- [To do]
Could you retype all of the entries exactly, without their pictures?

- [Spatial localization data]

○ ○ ○ ○ ○ ○ ○

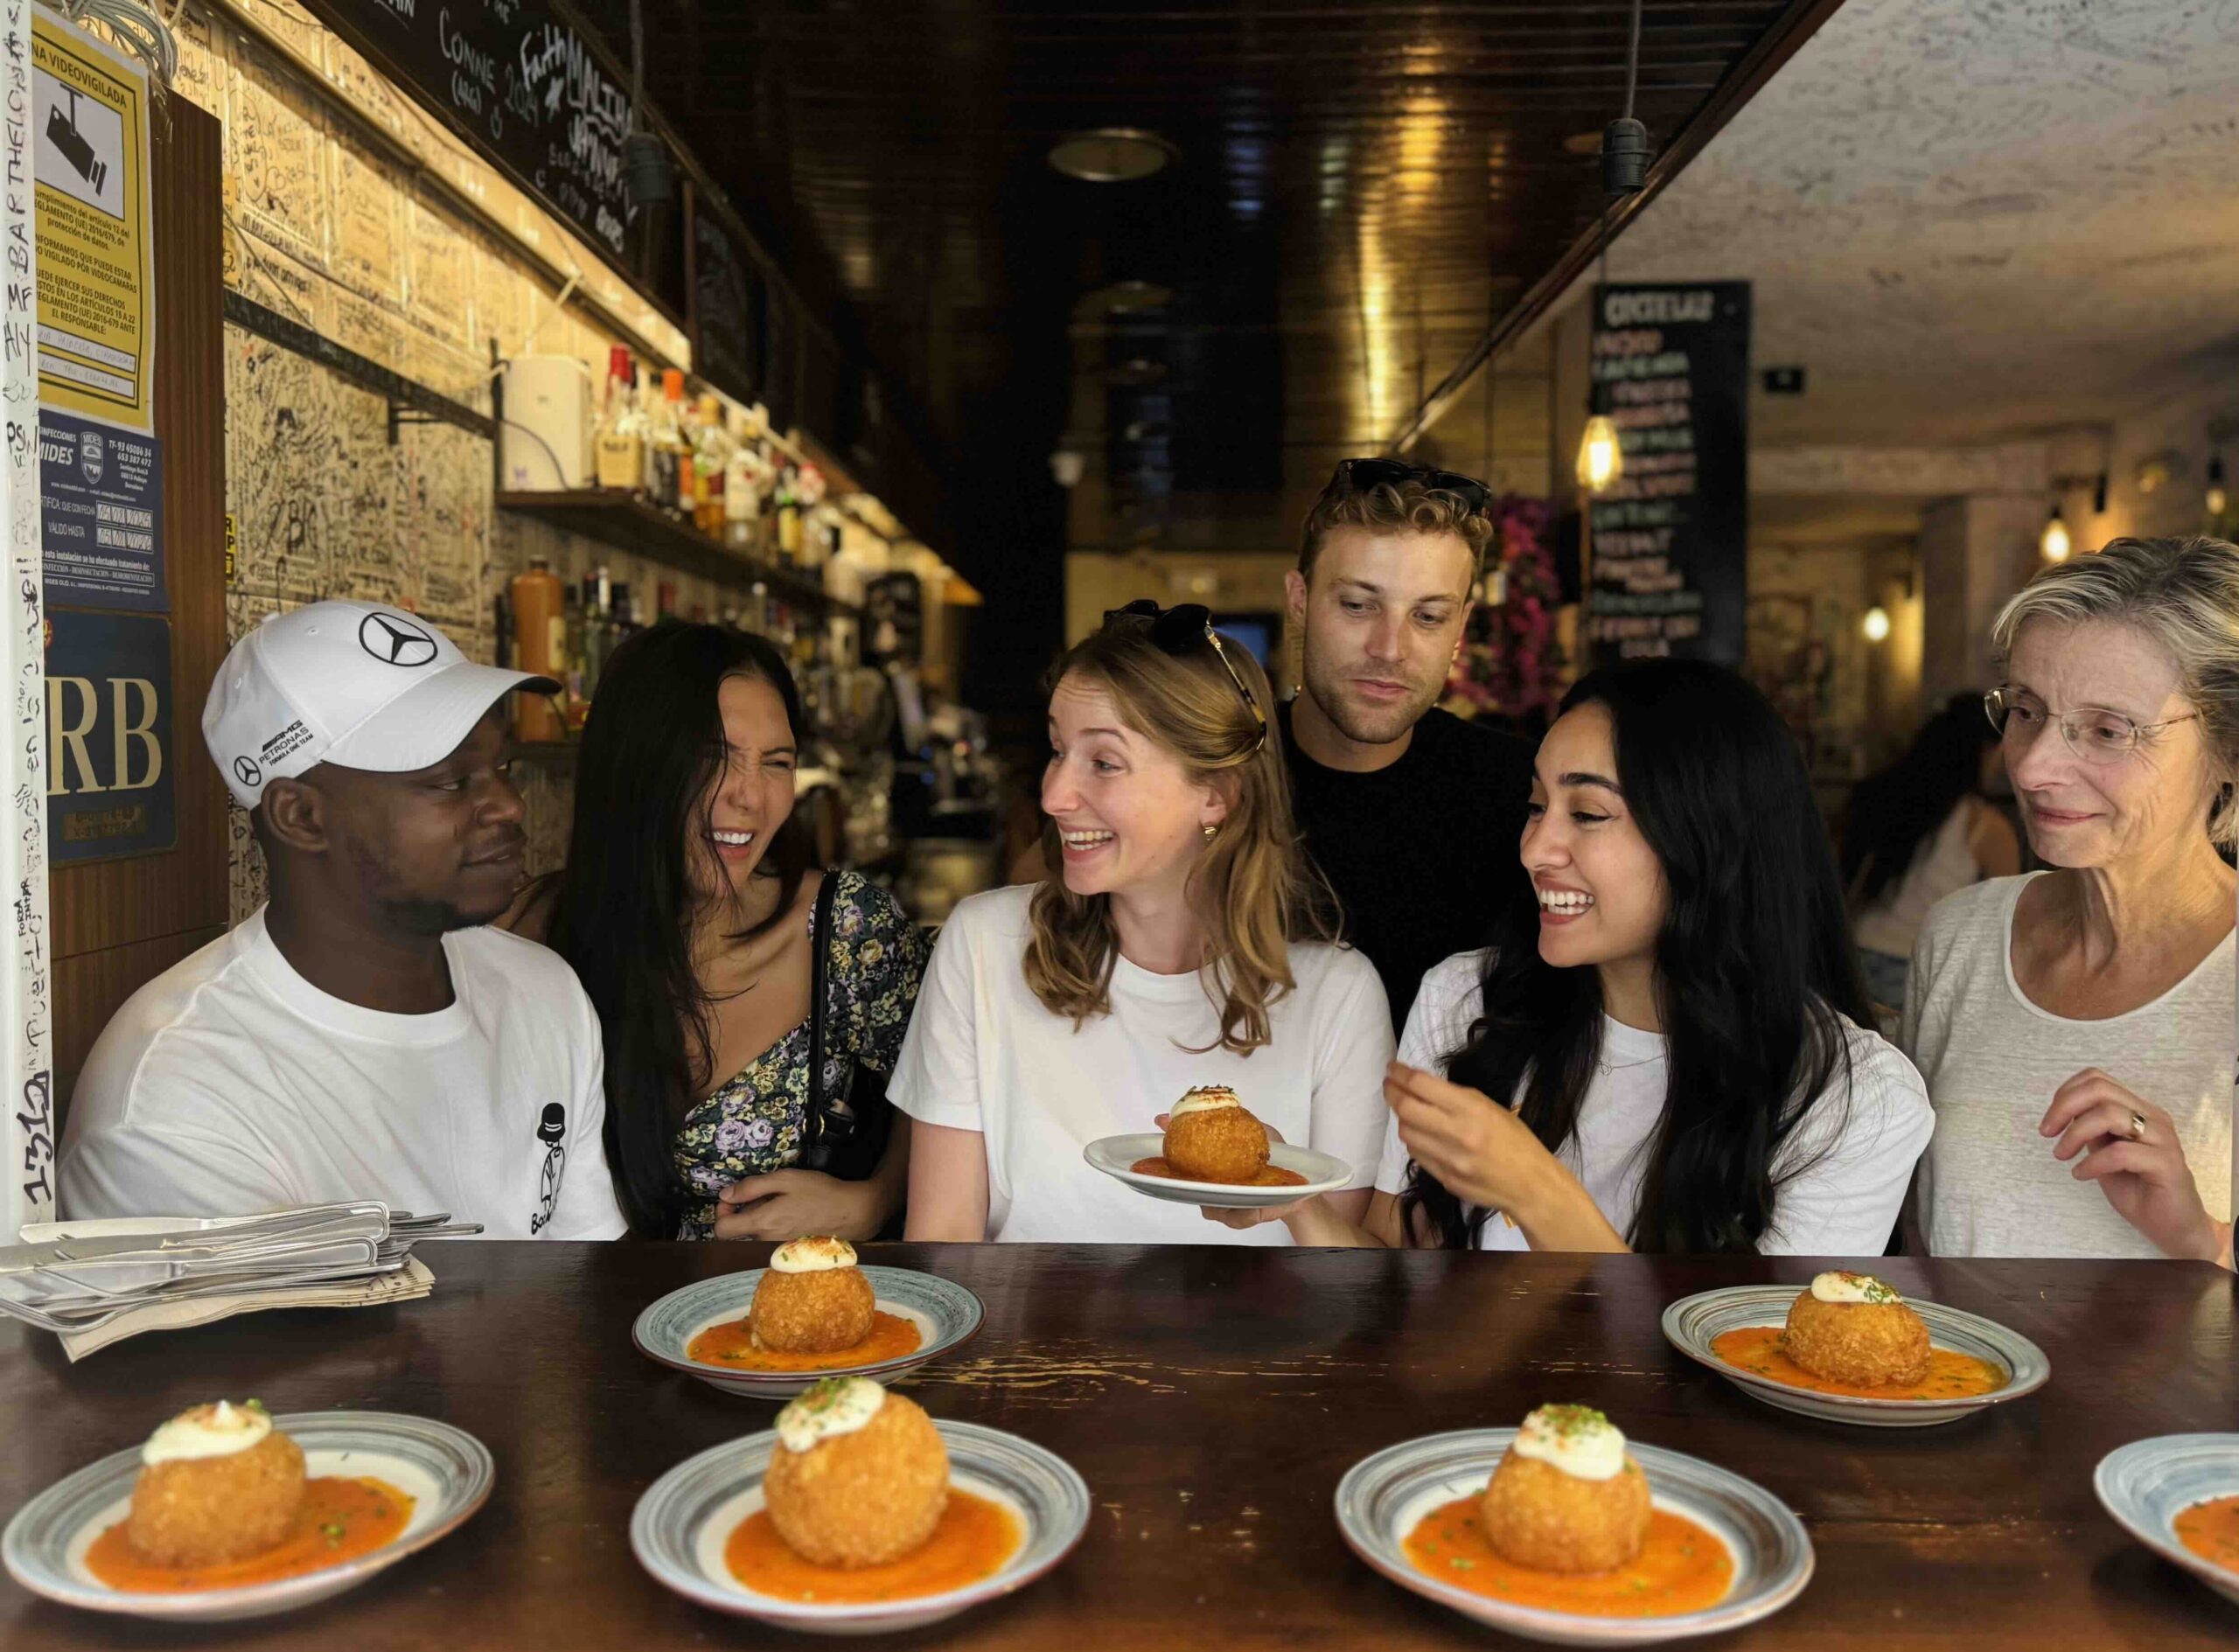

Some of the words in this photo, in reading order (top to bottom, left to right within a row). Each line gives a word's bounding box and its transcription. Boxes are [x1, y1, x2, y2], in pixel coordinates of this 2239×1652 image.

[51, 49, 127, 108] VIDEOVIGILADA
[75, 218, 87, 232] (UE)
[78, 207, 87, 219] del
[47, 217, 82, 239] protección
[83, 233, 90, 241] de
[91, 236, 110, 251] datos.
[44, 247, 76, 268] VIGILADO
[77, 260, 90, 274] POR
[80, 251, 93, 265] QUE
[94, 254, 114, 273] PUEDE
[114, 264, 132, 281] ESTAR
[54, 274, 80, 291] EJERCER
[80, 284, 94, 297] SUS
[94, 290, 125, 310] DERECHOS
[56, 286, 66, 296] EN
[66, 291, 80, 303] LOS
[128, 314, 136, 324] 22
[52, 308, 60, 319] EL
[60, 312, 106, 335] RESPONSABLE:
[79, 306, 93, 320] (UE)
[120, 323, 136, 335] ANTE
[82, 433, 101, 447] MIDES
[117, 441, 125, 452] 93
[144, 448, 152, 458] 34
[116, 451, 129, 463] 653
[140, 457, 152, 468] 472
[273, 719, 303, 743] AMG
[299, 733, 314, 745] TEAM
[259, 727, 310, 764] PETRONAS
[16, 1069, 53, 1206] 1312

○ ○ ○ ○ ○ ○ ○

- [Written response]
Some of the words in this photo, in reading order (top to bottom, left to right within a row). Each line gives a word's bounding box and its transcription. Boxes are [x1, y1, x2, y2], in pixel coordinates of this 2239×1652 image.

[51, 49, 127, 108] VIDEOVIGILADA
[75, 218, 87, 232] (UE)
[78, 207, 87, 219] del
[47, 217, 82, 239] protección
[83, 233, 90, 241] de
[91, 236, 110, 251] datos.
[44, 247, 76, 268] VIGILADO
[77, 260, 90, 274] POR
[80, 251, 93, 265] QUE
[94, 254, 114, 273] PUEDE
[114, 264, 132, 281] ESTAR
[54, 274, 80, 291] EJERCER
[80, 284, 94, 297] SUS
[94, 290, 125, 310] DERECHOS
[56, 286, 66, 296] EN
[66, 291, 80, 303] LOS
[128, 314, 136, 324] 22
[52, 308, 60, 319] EL
[60, 312, 106, 335] RESPONSABLE:
[79, 306, 93, 320] (UE)
[120, 323, 136, 335] ANTE
[82, 433, 101, 447] MIDES
[117, 441, 125, 452] 93
[144, 448, 152, 458] 34
[116, 451, 129, 463] 653
[140, 457, 152, 468] 472
[273, 719, 303, 743] AMG
[299, 733, 314, 745] TEAM
[259, 727, 310, 764] PETRONAS
[16, 1069, 53, 1206] 1312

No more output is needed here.